Vivemos, portanto, entre a necessidade de prever, inclusive para nos dar a possibilidade de bem dormir e programar férias, e a incompetência em prever. Uma tensão permanente que só pode ser enfrentada na displicência. Ou seja, sabendo que estamos errando, por falta de informações, pela qualidade das informações, pela imprevisibilidade dos eventos, mas também pelas características de nosso cérebro (forte atração pelos fatos e narrativas[4], e fraca apetência para as abstrações) e nossa forma de pensar, (em caixas pré-fabricadas) aprendida em escolas castradoras. Mas também pela pouca habilidade de viver na incerteza, na fluidez. Enfrentar o futuro com displicência significa mais do que a consciência dos limites de nossos erros e a persistência dos erros significa dar espaço para o surgimento do cisne negro, estar aberto ao imprevisível.
Todos estes prolegômenos para dizer que sou fanático por estudar o futuro, sabendo que é uma tarefa impossível, mas sempre treinando a displicência (não sei se é esta a palavra certa, mas é algo que quer dizer sem arrogância, sem certezas, sem levar demasiadamente a sério, e sempre aberto a ver o novo, por isso mesmo leio muitas coisas que nada tem a ver com o meu trabalho, e adoro conversar com pessoas diferentes e divergentes – , pelo simples fato de que elas sempre veem aquilo que não vejo, pouco importa se certo ou errado). Considero, portanto, uma necessidade e um divertimento.

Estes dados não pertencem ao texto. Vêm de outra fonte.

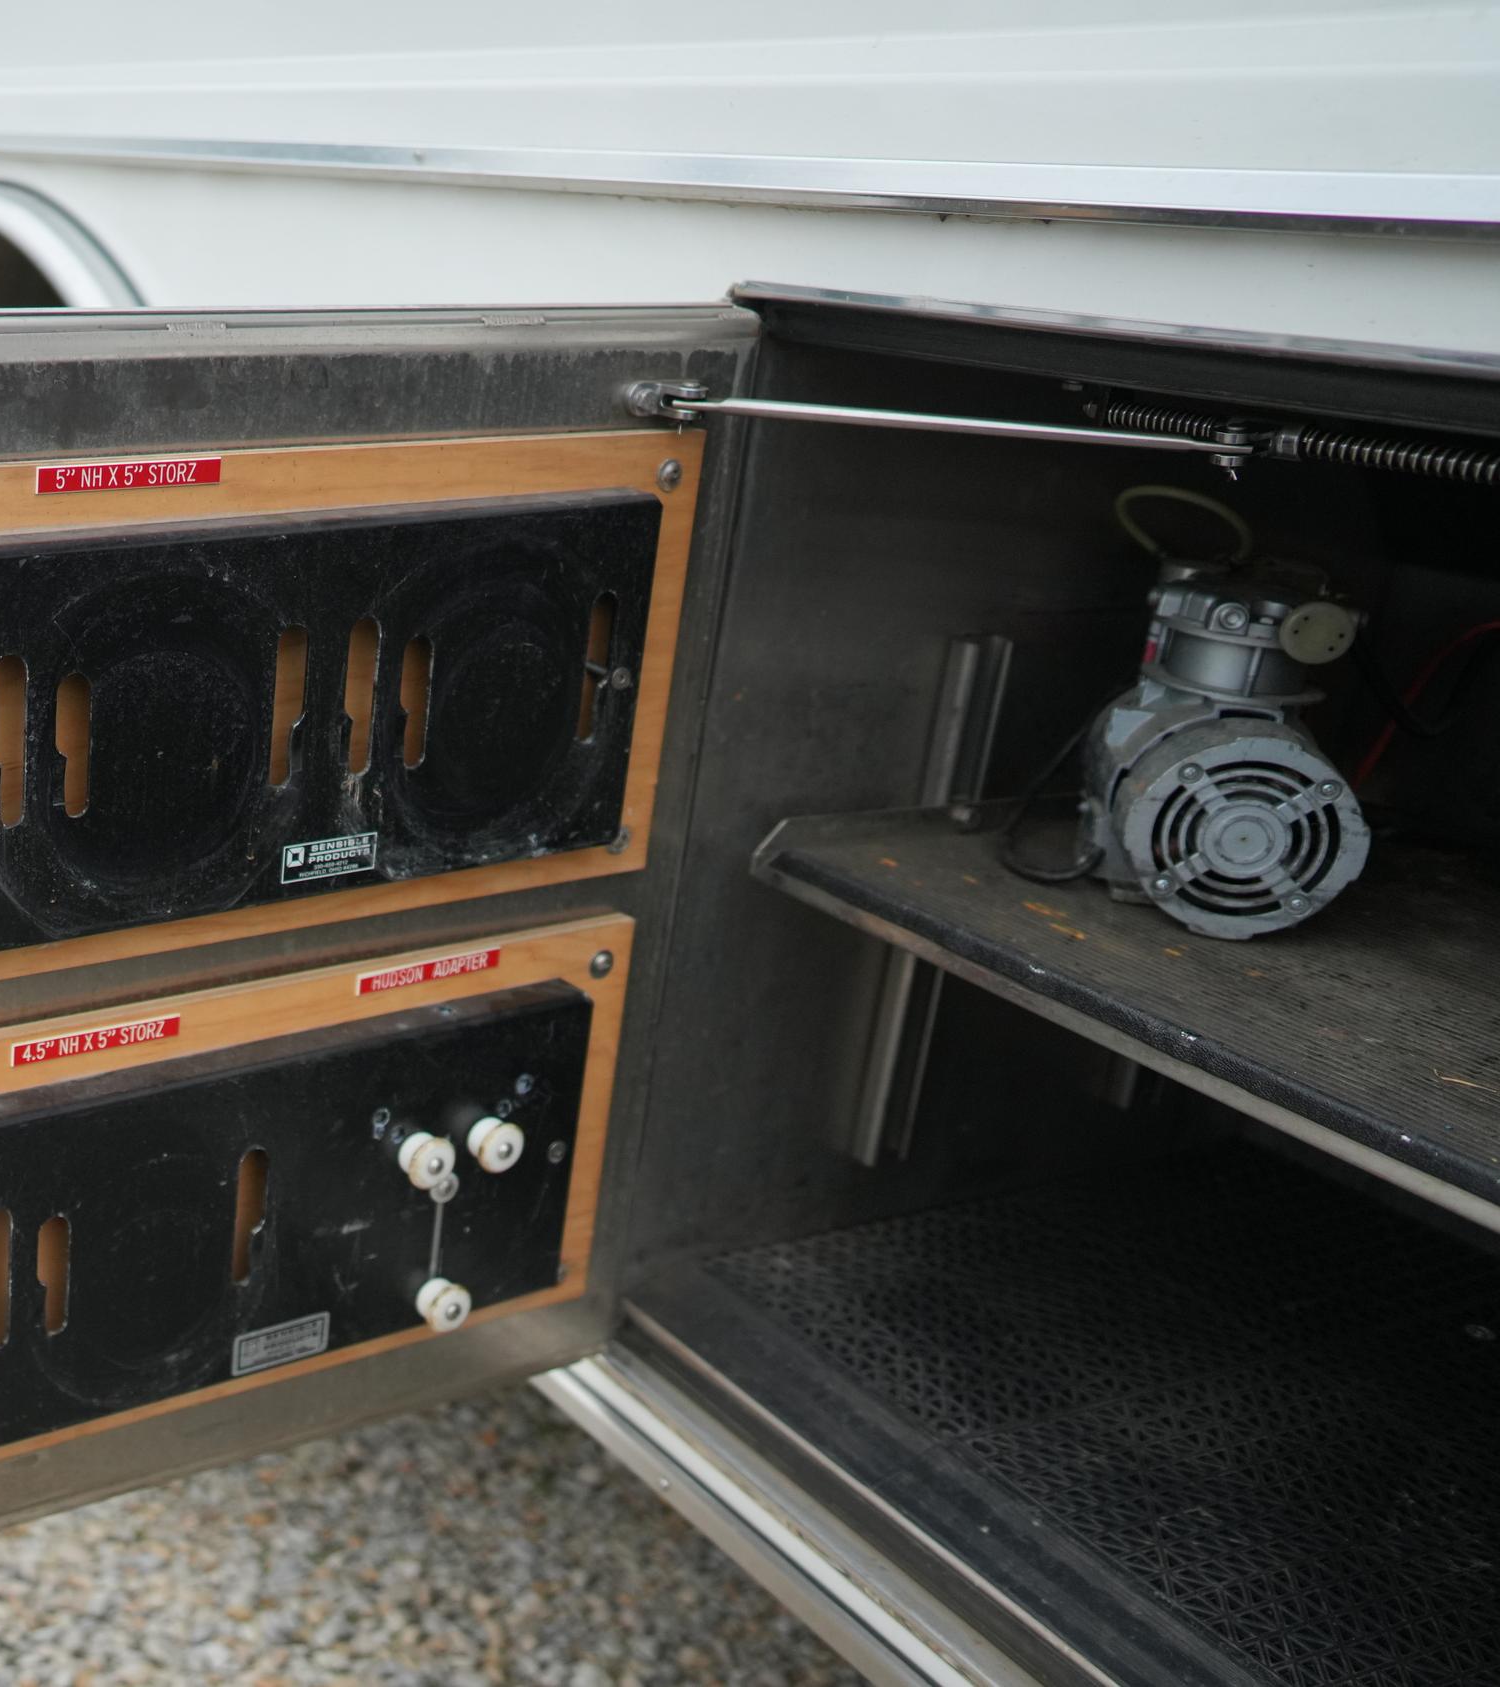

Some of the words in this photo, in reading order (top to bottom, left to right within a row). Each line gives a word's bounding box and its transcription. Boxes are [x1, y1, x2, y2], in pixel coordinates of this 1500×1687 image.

[81, 466, 102, 488] NH
[108, 465, 118, 487] X
[148, 462, 197, 484] STORZ
[308, 847, 371, 864] PRODUCTS
[311, 837, 369, 852] SENSIBLE
[371, 966, 424, 991] HUDSON
[432, 951, 489, 978] ADAPTER
[58, 1036, 79, 1056] NH
[83, 1033, 93, 1052] X
[119, 1020, 165, 1045] STORZ

Por isso gosto de imaginar como vão se desenrolar as eleições presidenciais deste ano, como também quais as consequências das learning machines ou Inteligência artificial sobre nosso futuro no próximo meio do século. E articular fatos/narrativas e abstrações.
Por exemplo, há uma tensão política no País evidente, e um desgaste das instituições democráticas visível, embora menos evidente. Para alguns, mais fanáticos, já ingressamos em um regime de exceção, porque o impeachment foi um golpe e o Lula é um preso político. Alguns chegam a fazer uma analogia entre 2018 e 1968[5]. Para dizer o menos, pouco consistente. Simultaneamente, há um declínio, constatável pelos institutos que se dedicam a estudar o assunto, da democracia no mundo. Não apenas porque se reduz o número de democracias consideradas plenas e aumentam os regimes caracterizados como autoritários, mas também pelo aumento do prestígio destes países em comparação aos países mais democráticos, quando se toma em consideração parâmetros como crescimento econômico, redução da pobreza e aumento da qualidade de vida de seus habitantes.

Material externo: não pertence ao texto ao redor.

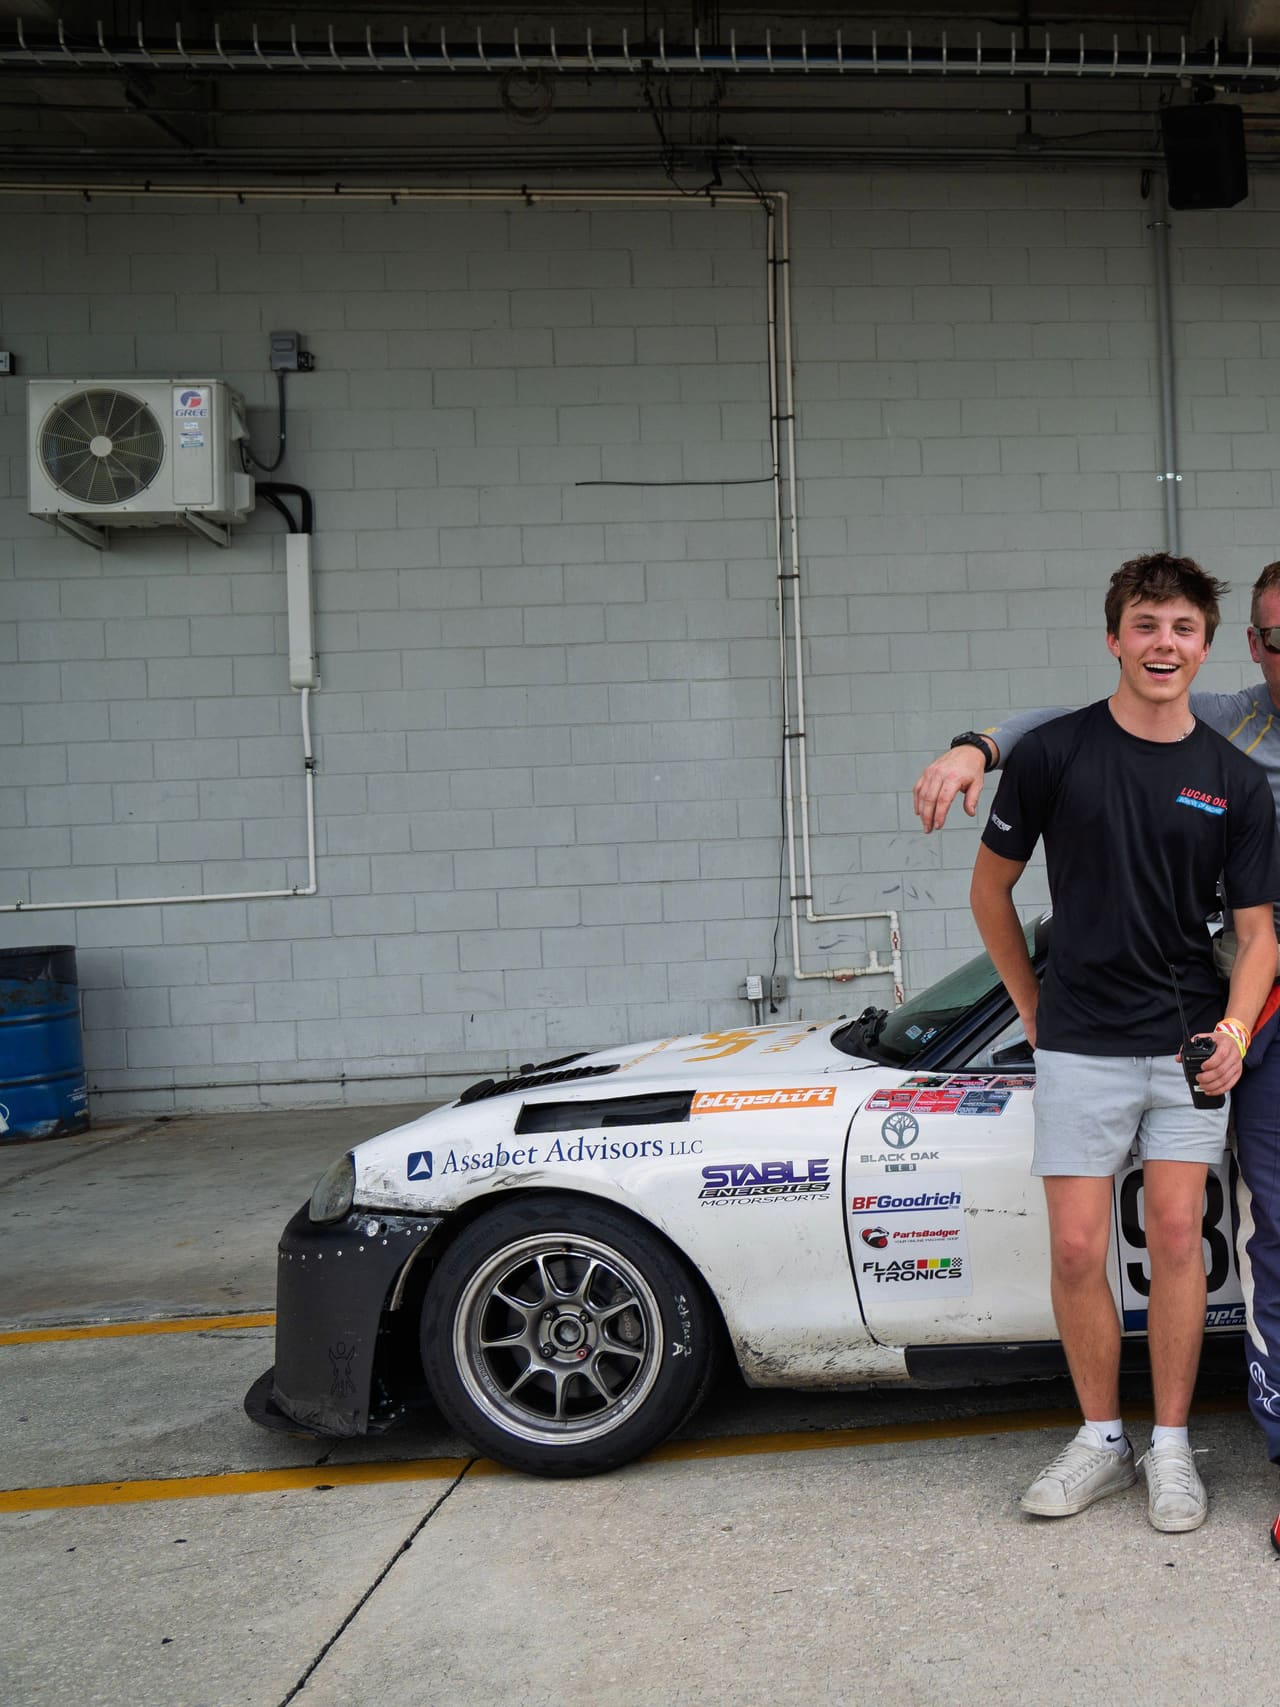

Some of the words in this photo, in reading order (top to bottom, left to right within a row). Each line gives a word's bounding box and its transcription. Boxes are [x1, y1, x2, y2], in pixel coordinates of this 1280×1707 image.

O declínio da democracia é um fenômeno mundial que tem correspondência no espaço nacional, embora pudesse isso não ocorrer, pois, às vezes acontece que um determinado fenômeno mundial toma, no Brasil, uma direção contrária. Por exemplo, enquanto o mundo conhecia uma relativa estagnação econômica, nos anos 1970, o Brasil conhecia o “milagre econômico”; ao inverso, o mundo voltou a crescer na década de 1990, e o Brasil começou a patinar. Porém o Brasil, na questão democrática, faz o mesmo trajeto do mundo, pois, reduz-se o índice democrático[6]do País deste 2011. Ocupávamos o 47o, hoje ocupamos o 49o, segundo Economist Intelligence Unit Democracy Index.
Nas eleições deste ano já temos duas dezenas de candidatos, o que lembra as eleições de 1989, com a diferença de que aquelas eram eleições solteiras. Além do que, eram as primeiras eleições presidenciais depois de 28 anos. Apenas os homens e mulheres com mais de 47 anos haviam tido experiência semelhante, em 1960, e não existia a polarização que temos hoje, nem o combate, e os escândalos, a corrupção, nem o desgaste da política e do Parlamento, e os movimentos erráticos, e catastróficos, do STF.

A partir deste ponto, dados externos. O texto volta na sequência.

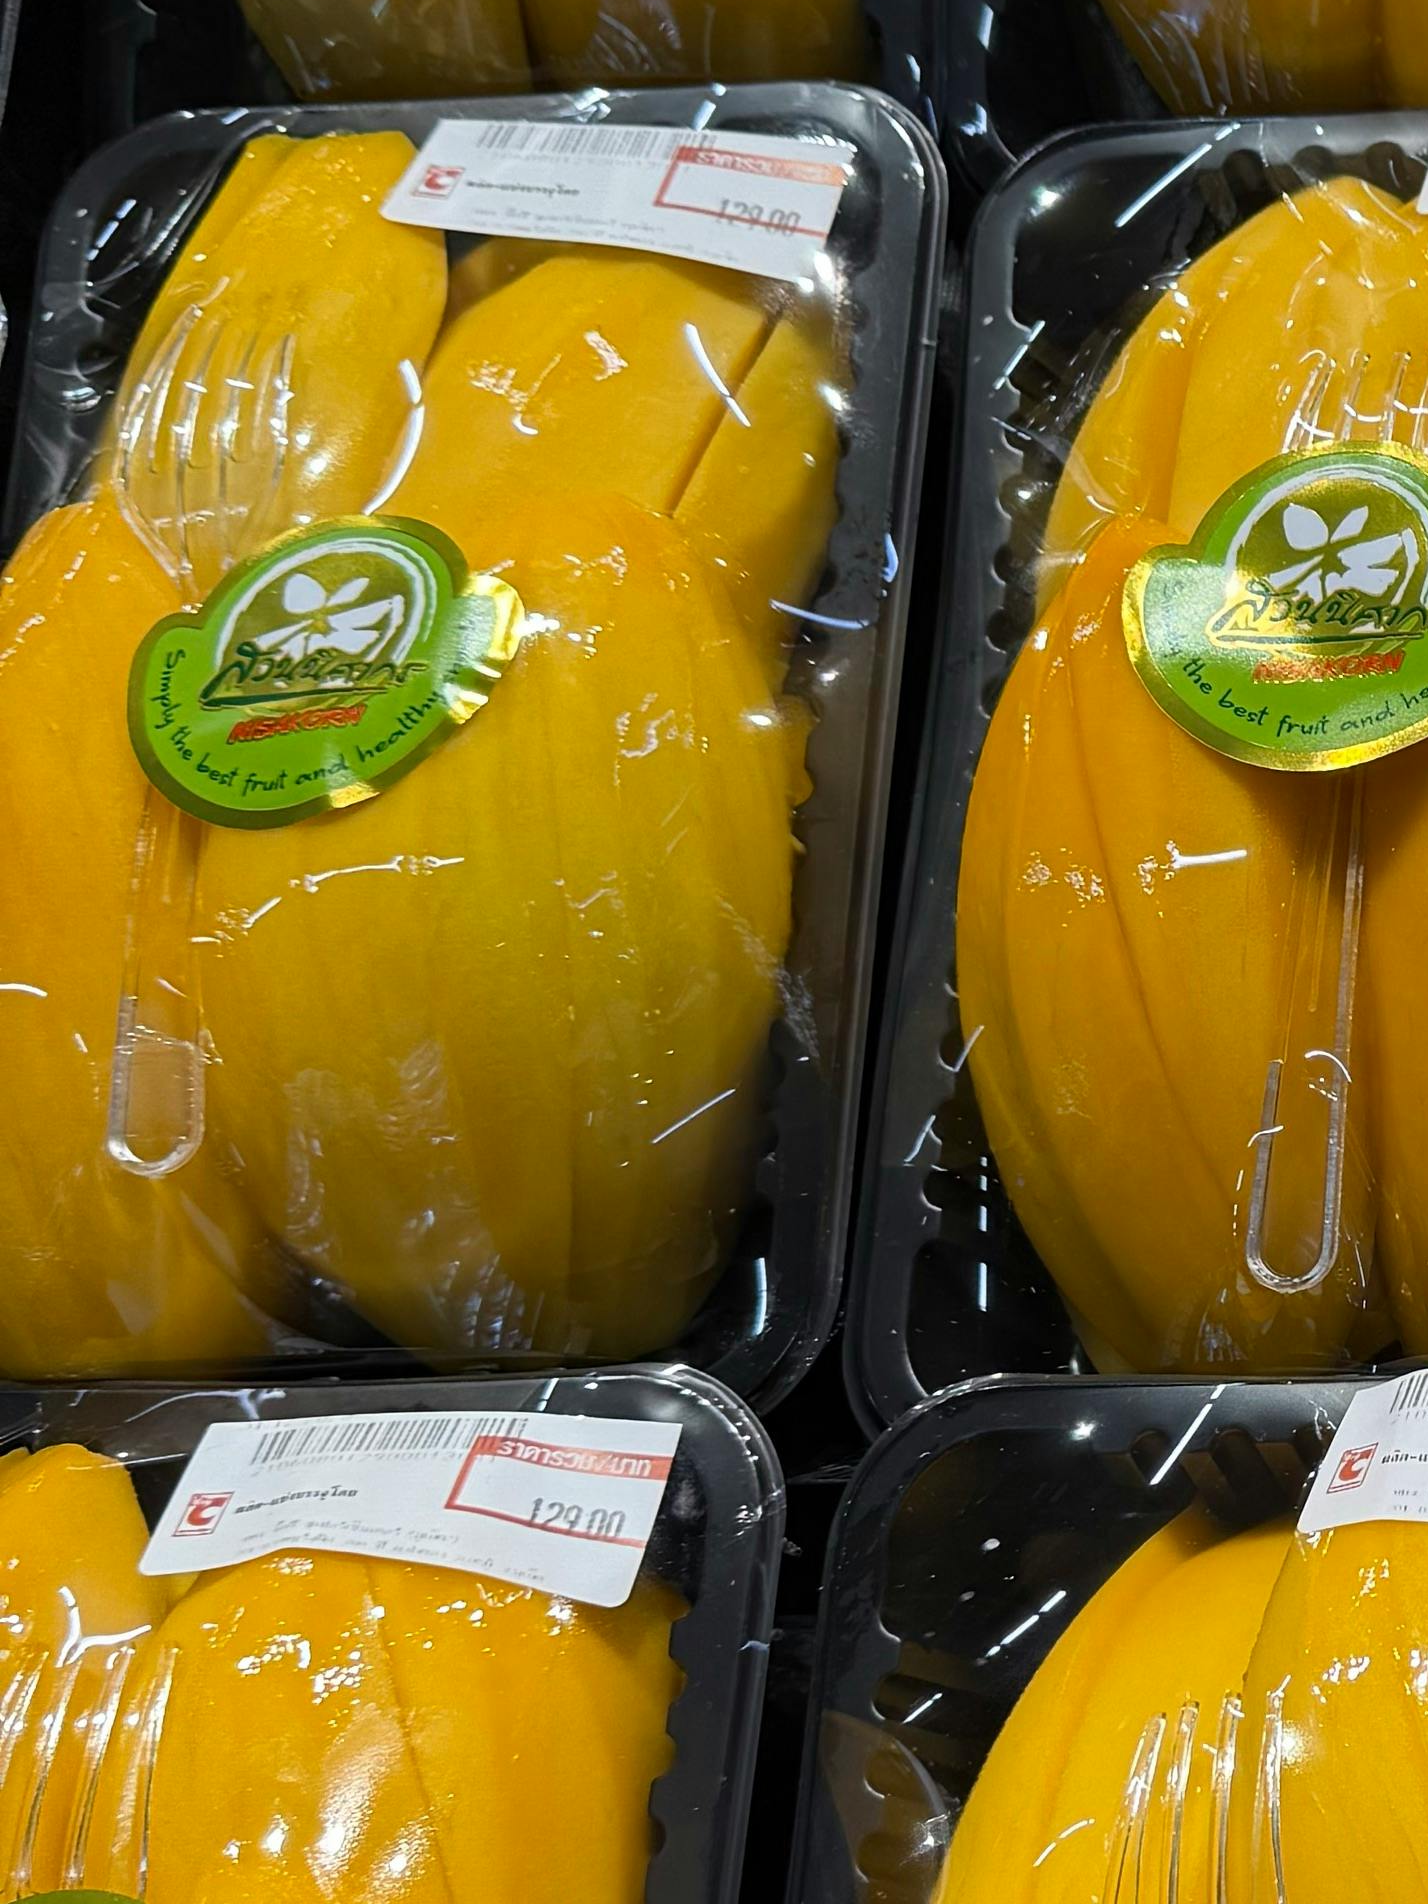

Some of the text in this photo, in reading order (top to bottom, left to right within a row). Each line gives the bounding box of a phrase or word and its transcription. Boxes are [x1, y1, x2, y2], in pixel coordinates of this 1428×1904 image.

[716, 197, 801, 238] 129.00
[1184, 658, 1212, 694] the
[1219, 692, 1269, 726] best
[1276, 717, 1330, 737] fruit
[1341, 701, 1395, 731] and
[151, 651, 186, 729] Simply
[172, 726, 192, 761] the
[196, 757, 238, 788] best
[240, 772, 289, 796] fruit
[296, 754, 347, 785] and
[230, 704, 368, 744] NISAKORN
[498, 1439, 653, 1478] ราคารวม/บาท
[530, 1496, 627, 1538] 129.00

O período ainda não é propício a grandes previsões, as pesquisas de intenção de voto, ademais de sua imensa e reconhecida fragilidade preditiva, dizem pouco. Se as regras estão definidas, não o estão os jogadores que vão entrar em campo, na seleção. Há apenas pré-candidatos. Na linguagem futebolística, Tite ainda não se pronunciou. Alguns já tem lugar garantido, como Marina, Ciro e Álvaro Dias, pelo que tudo indica. Outros quase, como Bolsonaro[7]. Outros, nem tanto, como Alckmin, e outros é quase certos que estarão fora como Temer ou Lula. Alguns terão alguma chance, como Ciro, Marina e Bolsonaro, se de fato forem candidatos. Outros têm chances perto de zero, como Boulos, Manuela, Aldo Rebelo e mesmo Álvaro Dias ou João Amoêdo. E outros, ainda, temos certeza que não têm qualquer chance, como Fidelis e Eymael.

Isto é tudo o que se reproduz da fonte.